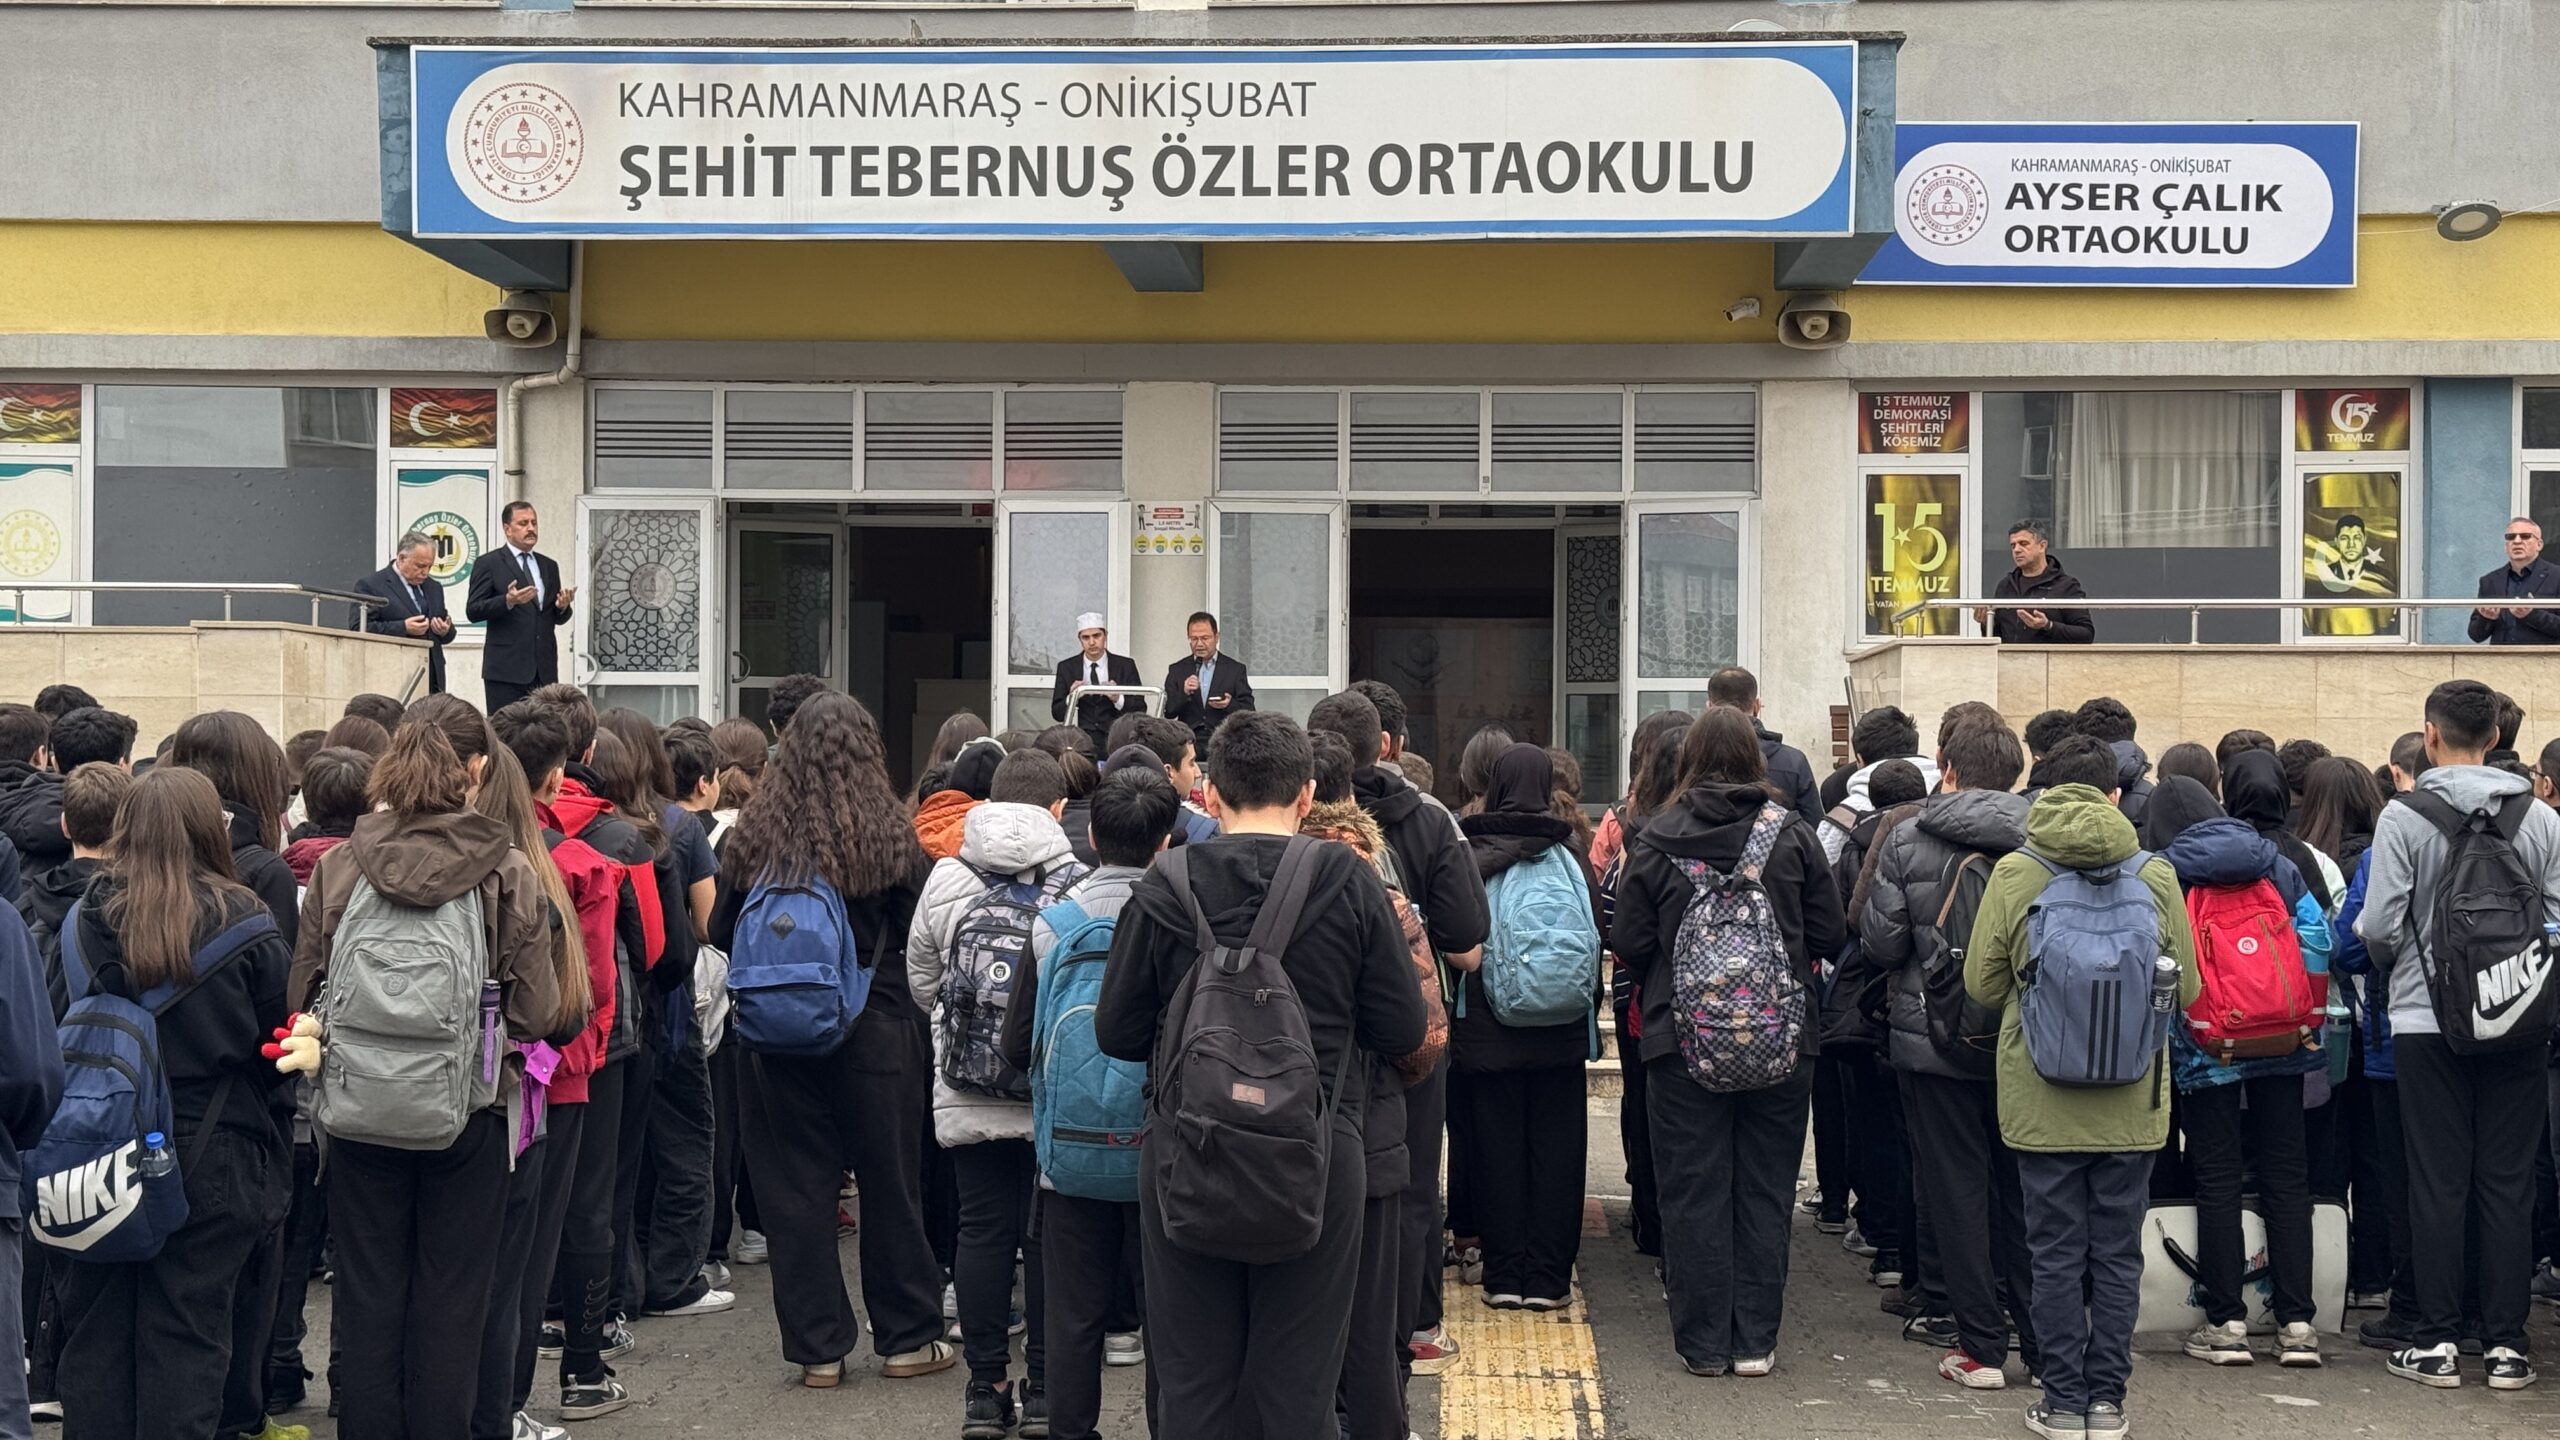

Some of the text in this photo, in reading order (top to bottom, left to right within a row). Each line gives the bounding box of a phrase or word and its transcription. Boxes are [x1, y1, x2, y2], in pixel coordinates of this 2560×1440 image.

[619, 82, 1022, 127] KAHRAMANMARAŞ
[1060, 75, 1317, 127] ONİKİŞUBAT
[619, 132, 1754, 212] ŞEHİT TEBERNUŞ ÖZLER ORTAOKULU
[2011, 158, 2139, 176] KAHRAMANMARAŞ
[2150, 157, 2232, 176] ONİKİŞUBAT
[2004, 182, 2140, 211] AYSER
[2152, 183, 2284, 219] ÇALIK
[2004, 224, 2250, 255] ORTAOKULU
[1875, 395, 1951, 407] 15 TEMMUZ
[1873, 407, 1952, 420] DEMOKRASİ
[1880, 421, 1945, 436] ŞEHİTLERİ
[2326, 433, 2375, 443] TEMMUZ
[1882, 434, 1942, 449] KÖŞEMİZ
[1874, 502, 1948, 572] 15
[1870, 576, 1951, 593] TEMMUZ
[1875, 600, 1900, 608] VATAN
[2476, 938, 2543, 1012] NIKE
[36, 1138, 141, 1228] NIKE
◇ ◇ ◇
**Prompt:**
Return the complete material exactly as it appears, without images.

**Reply:**
Some of the text in this photo, in reading order (top to bottom, left to right within a row). Each line gives the bounding box of a phrase or word and its transcription. Boxes are [x1, y1, x2, y2], in pixel coordinates of this 2560×1440 image.

[619, 82, 1022, 127] KAHRAMANMARAŞ
[1060, 75, 1317, 127] ONİKİŞUBAT
[619, 132, 1754, 212] ŞEHİT TEBERNUŞ ÖZLER ORTAOKULU
[2011, 158, 2139, 176] KAHRAMANMARAŞ
[2150, 157, 2232, 176] ONİKİŞUBAT
[2004, 182, 2140, 211] AYSER
[2152, 183, 2284, 219] ÇALIK
[2004, 224, 2250, 255] ORTAOKULU
[1875, 395, 1951, 407] 15 TEMMUZ
[1873, 407, 1952, 420] DEMOKRASİ
[1880, 421, 1945, 436] ŞEHİTLERİ
[2326, 433, 2375, 443] TEMMUZ
[1882, 434, 1942, 449] KÖŞEMİZ
[1874, 502, 1948, 572] 15
[1870, 576, 1951, 593] TEMMUZ
[1875, 600, 1900, 608] VATAN
[2476, 938, 2543, 1012] NIKE
[36, 1138, 141, 1228] NIKE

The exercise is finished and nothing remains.